[Image-backed grounding data]

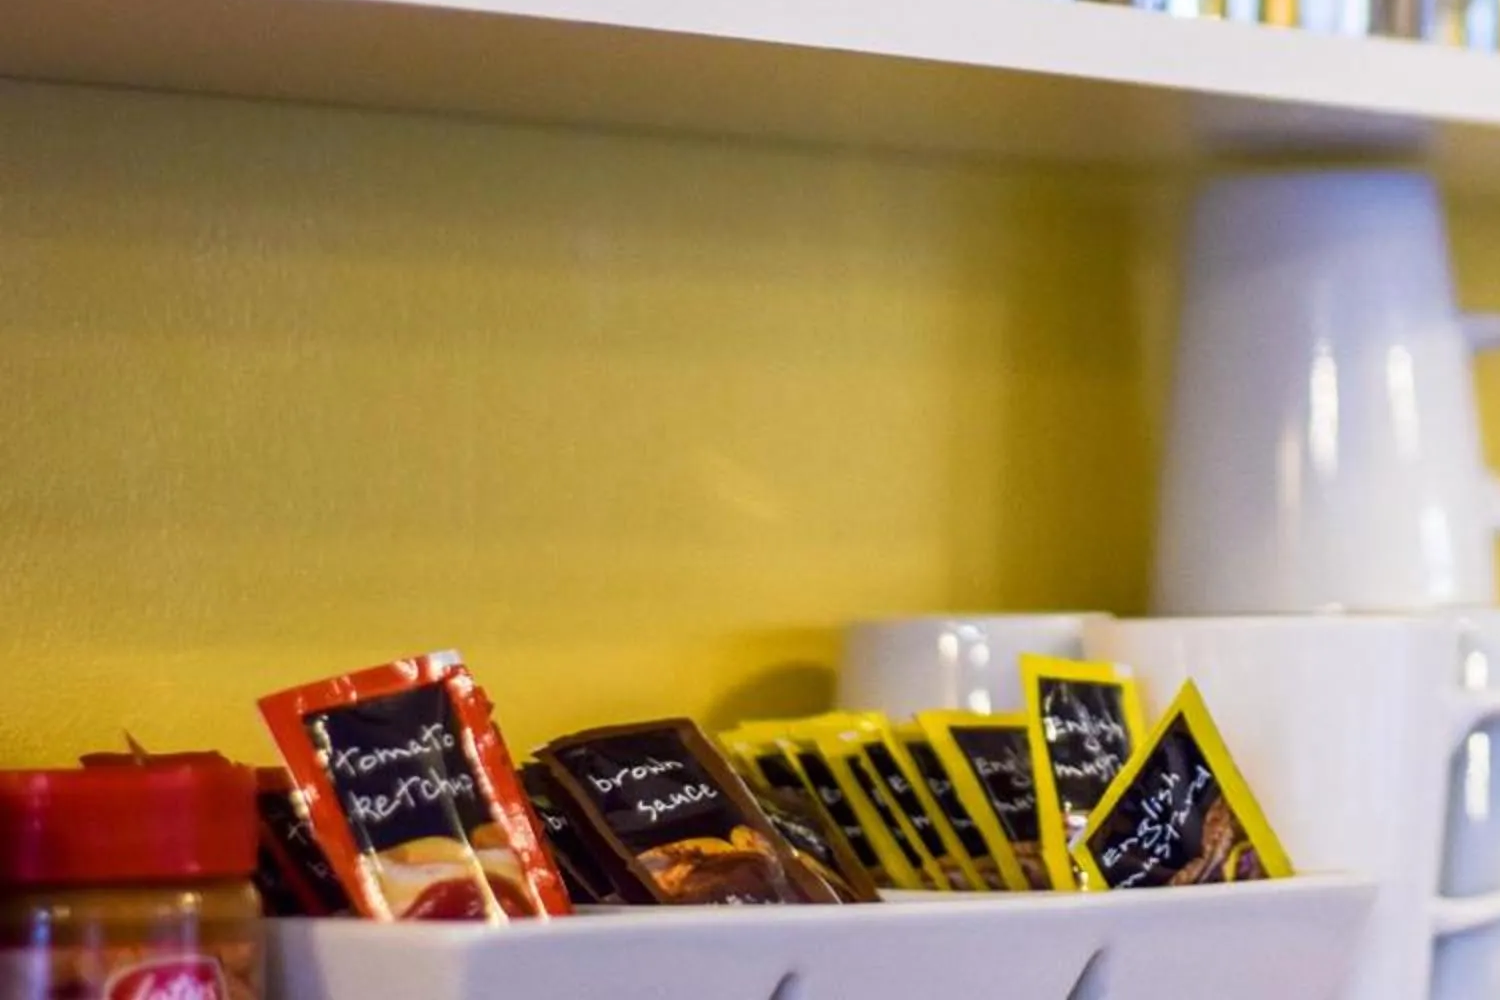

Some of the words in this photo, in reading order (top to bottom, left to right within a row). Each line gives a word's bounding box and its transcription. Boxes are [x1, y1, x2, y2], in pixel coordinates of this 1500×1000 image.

[335, 722, 455, 776] tomato
[588, 756, 684, 793] brown
[350, 767, 475, 821] ketchup
[637, 781, 719, 822] sauce
[1102, 771, 1180, 868] English
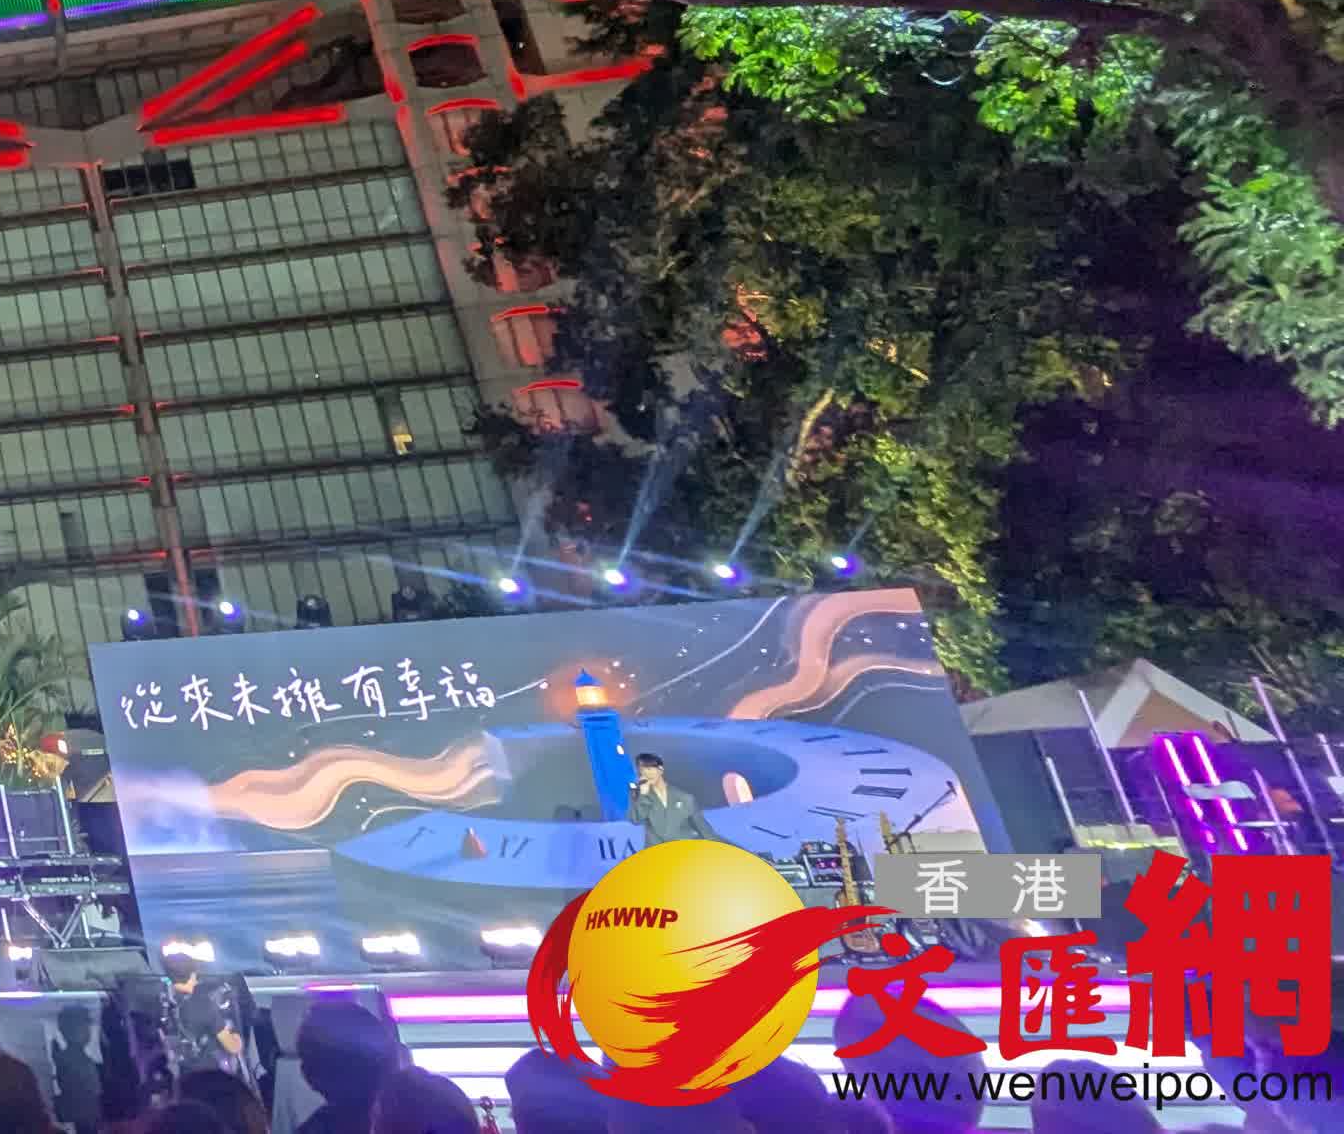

> What you have to do
Repeat the entries word for word and skip the pictures.

> Response to the exercise
Some of the words in this photo, in reading order (top to bottom, left to right within a row). Each line gives a word's bounding box and its transcription. Boxes are [x1, y1, x2, y2], in pixel coordinates of this 1500×1000 image.

[335, 722, 455, 776] tomato
[588, 756, 684, 793] brown
[350, 767, 475, 821] ketchup
[637, 781, 719, 822] sauce
[1102, 771, 1180, 868] English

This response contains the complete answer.